The Pound dropped below the 1.50 mark against the greenback in yesterday’s trading session following the release of the downbeat industrial production report in the UK. The print showed that output among producers in the nation declined unexpectedly for January amid signs of weakness in the information technology and machinery sectors. Separately, the NIESR kept UK’s GDP growth forecast unchanged for the three months ended February.

US Dollar – US Markets

The US Dollar has lost ground against its major peers this morning, following sharp gains over the previous few sessions. Market participants await the release of US retail sales data for February, which is a barometer of consumer sentiment and is expected to show a rise over January. A positive surprise in the numbers could support the ongoing broad rally in the US Dollar, while a disappointing may add to this morning’s losses. Retail sales data has been soft in the past and growth has been negative for the last two months. Last month, retail sales had contracted more than market expectations, despite cheaper oil prices boosting consumer spending power. Markets will be keen to observe whether consumers decide to spend more or save. Today’s release will be given due consideration by markets since it is one of the few significant readings on economic activity prior to the next week’s FOMC meeting.

The greenback traded sharply higher against the major currencies yesterday, amid rising expectations of a near term interest rate rise by the US Federal Reserve.

Euro – European Markets

The Euro is trading higher against the greenback this morning. The just released data from Germany showed that consumer price rise was back in positive territory for February and in line with the preliminary estimates. Last month, the consumer price change had fallen into the negative zone largely driven by lower energy prices. The final consumer price reading from the Euro zone economies, including Spain and France, showed a similar rebound today. Markets now await Euro zone’s industrial production data for January, due for release later today. Recent releases on industrial production growth from the larger countries of the Euro area have been mixed and market expectations are for a modest pickup in output for the aggregate Euro area for January.

The Euro slumped against the greenback in yesterday’s trading session, falling below the 1.06 mark, days after the start of quantitative easing in the Euro zone.

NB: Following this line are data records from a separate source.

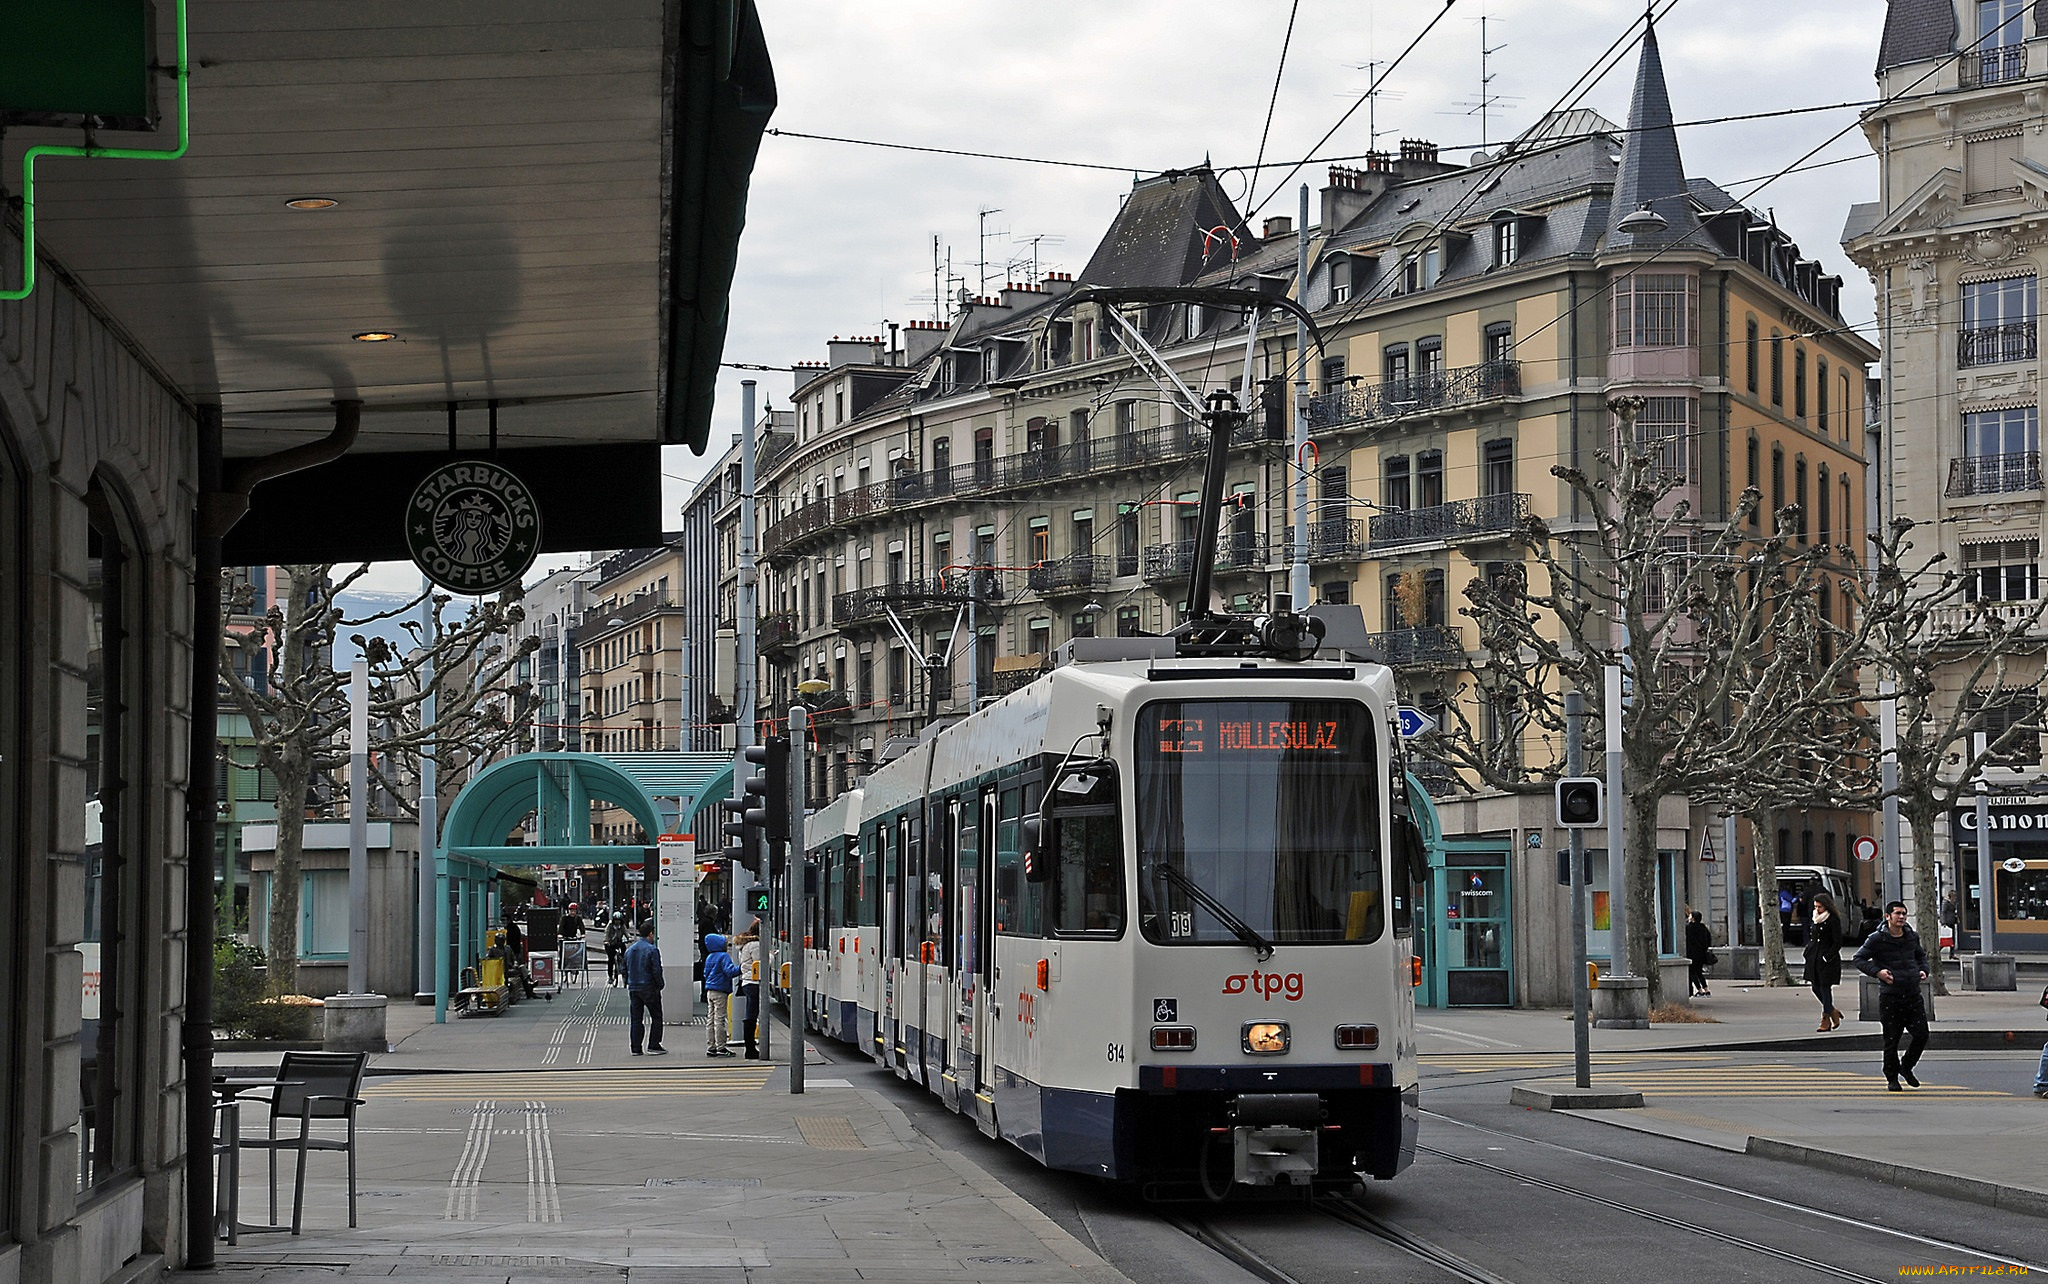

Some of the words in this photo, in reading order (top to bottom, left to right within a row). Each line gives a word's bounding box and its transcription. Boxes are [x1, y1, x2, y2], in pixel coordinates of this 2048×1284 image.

[416, 466, 534, 528] STARBUCKS
[421, 546, 511, 585] COFFEE
[1220, 722, 1337, 749] MOILLESULAZ
[1960, 812, 2048, 829] Canon
[1461, 889, 1493, 897] swisscom
[1251, 969, 1304, 1002] tpg
[1107, 1042, 1125, 1063] 814
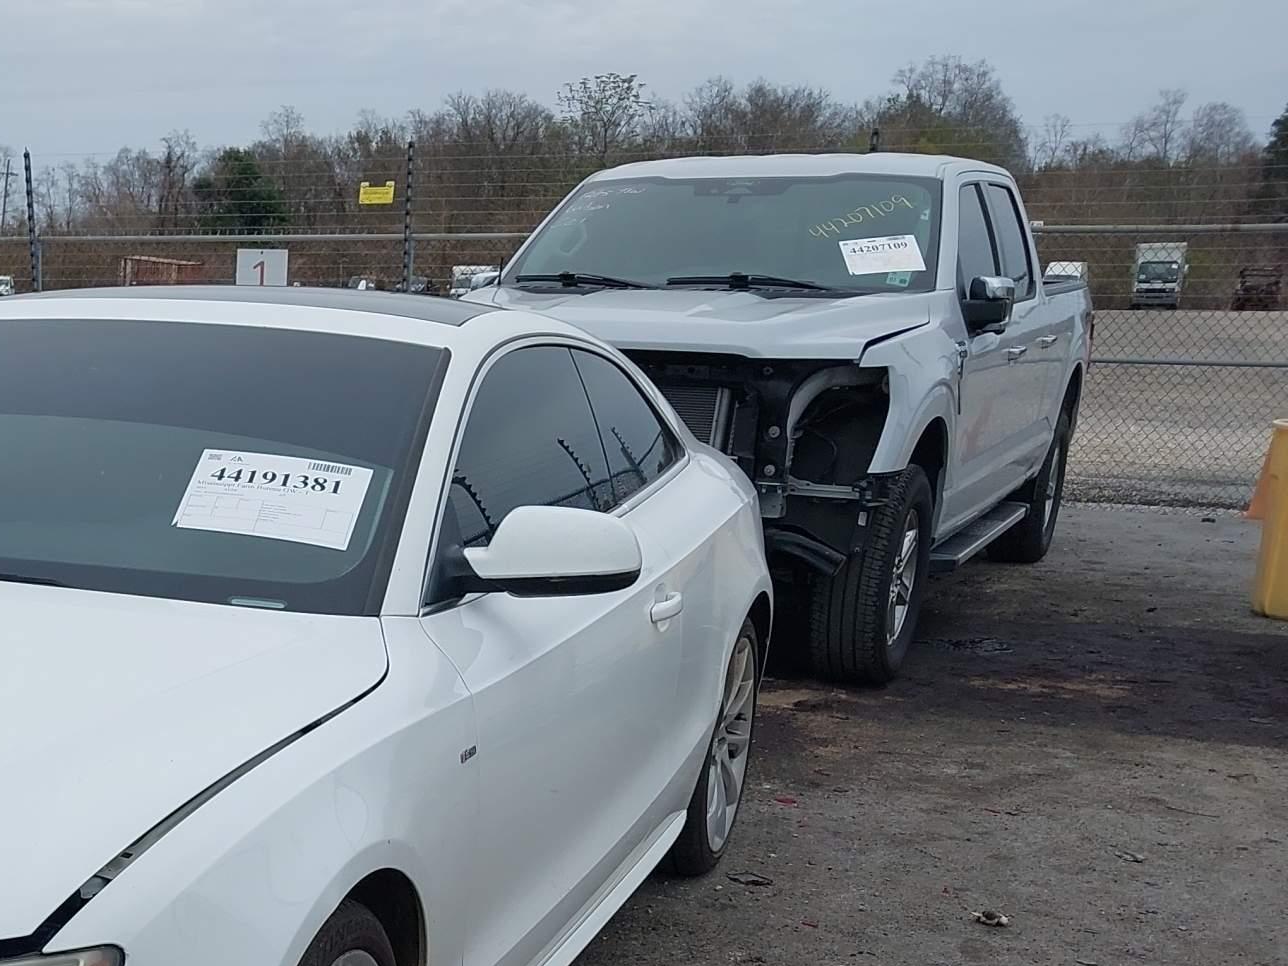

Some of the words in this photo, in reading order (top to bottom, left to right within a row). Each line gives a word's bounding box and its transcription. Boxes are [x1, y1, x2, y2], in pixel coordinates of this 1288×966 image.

[808, 195, 913, 238] 44207109
[849, 242, 908, 254] 44207109
[253, 261, 265, 284] 1
[210, 466, 342, 495] 44191381
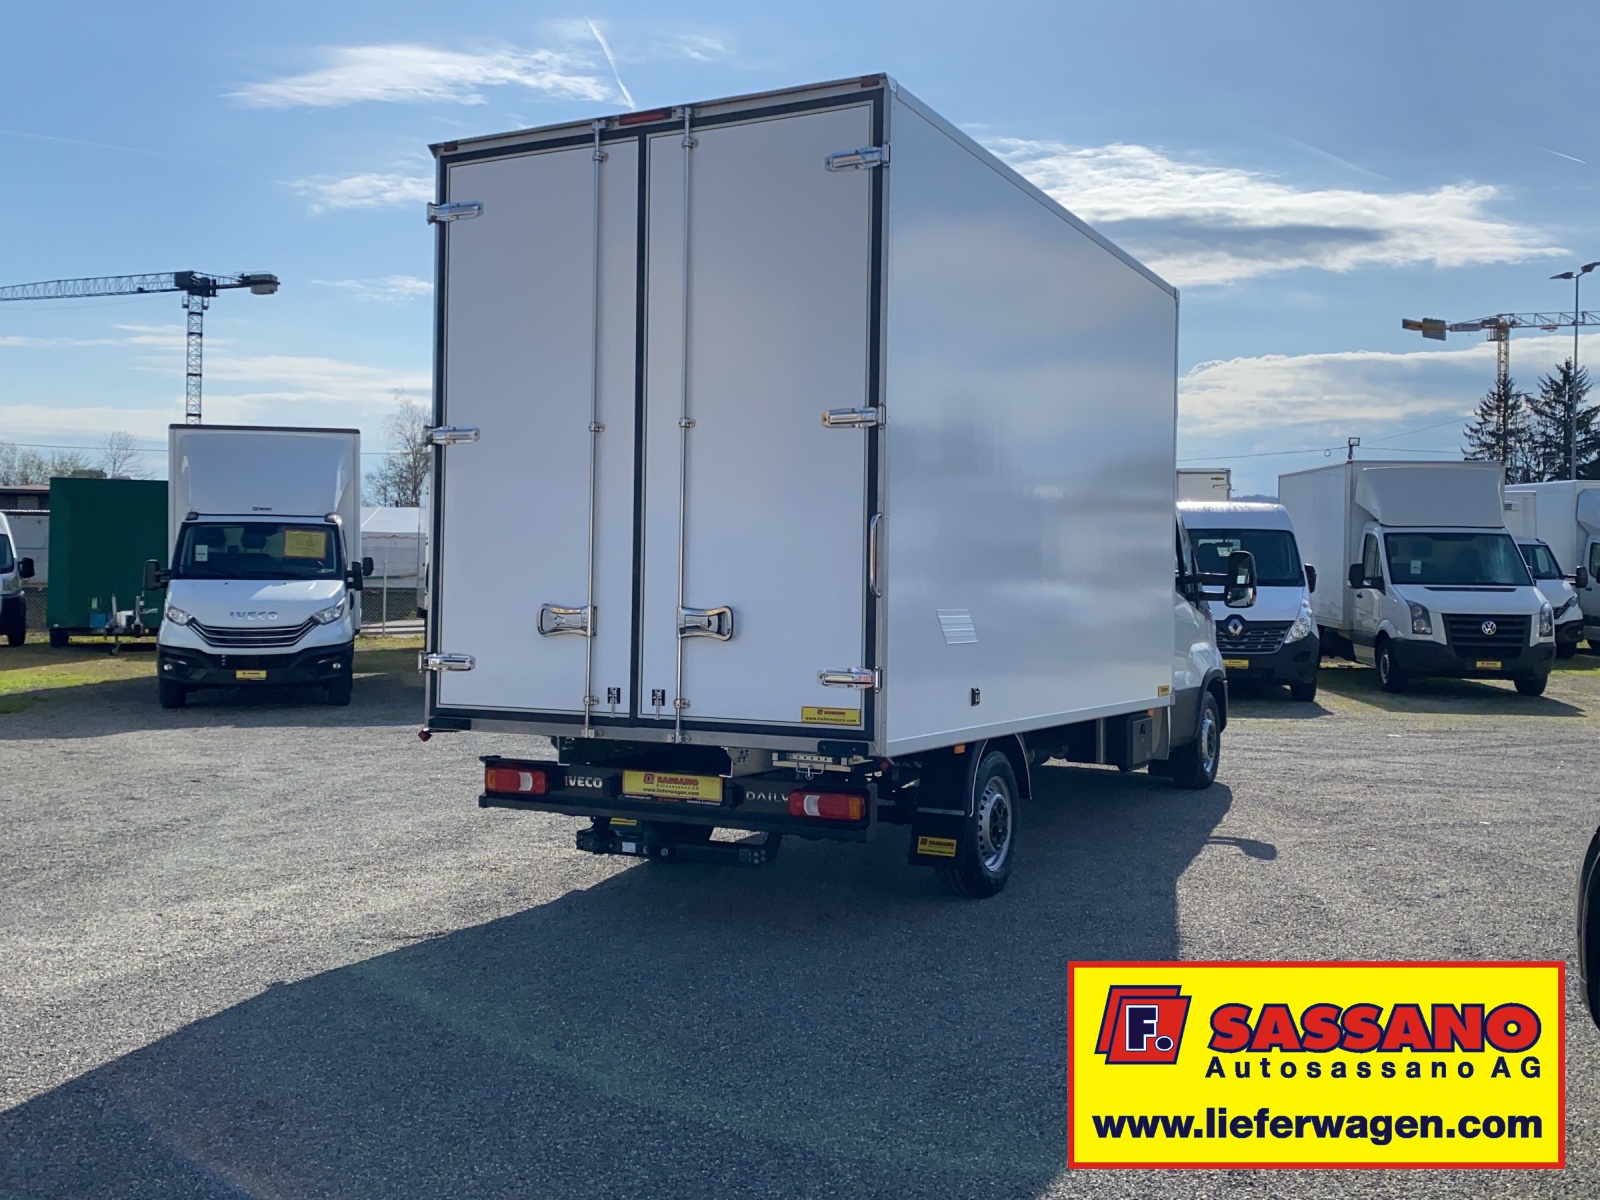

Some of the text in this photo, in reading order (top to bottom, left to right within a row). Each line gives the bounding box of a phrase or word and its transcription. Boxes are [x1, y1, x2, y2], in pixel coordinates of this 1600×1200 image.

[229, 611, 279, 621] IVECO
[564, 775, 603, 788] IVECO
[656, 776, 699, 786] SASSANO
[643, 787, 700, 796] www.lieferwagen.com

Meanwhile, the ECB President, Mario Draghi, in his speech yesterday expressed optimism about a revival in the Euro zone’s economy and backed the central bank's recent stimulus measures.

Other Currencies – Highlights

The New Zealand Dollar rebounded against the greenback after the Reserve Bank of New Zealand left interest rates on hold. The RBNZ reiterated its neutral policy stance, indicating that rates could move up or down depending on inflation expectations. Meanwhile, the central bank cut its GDP forecast for first quarter of 2015 and indicated that it expects annual inflation to fall to around zero in the March quarter and remain low over the year.

The RNBZ’s rate decision was followed by a press conference, where the central bank Governor, Graeme Wheeler, expressed confidence in the nation’s economy. He stated that the fall in inflation due to the drop in oil prices was a relative price effect which justifies possible stability in interest rates for an extended period. Meanwhile, the REINZ house price index soared more than market expectations for February, led by Auckland where an under supply of housing has put pressure on home prices.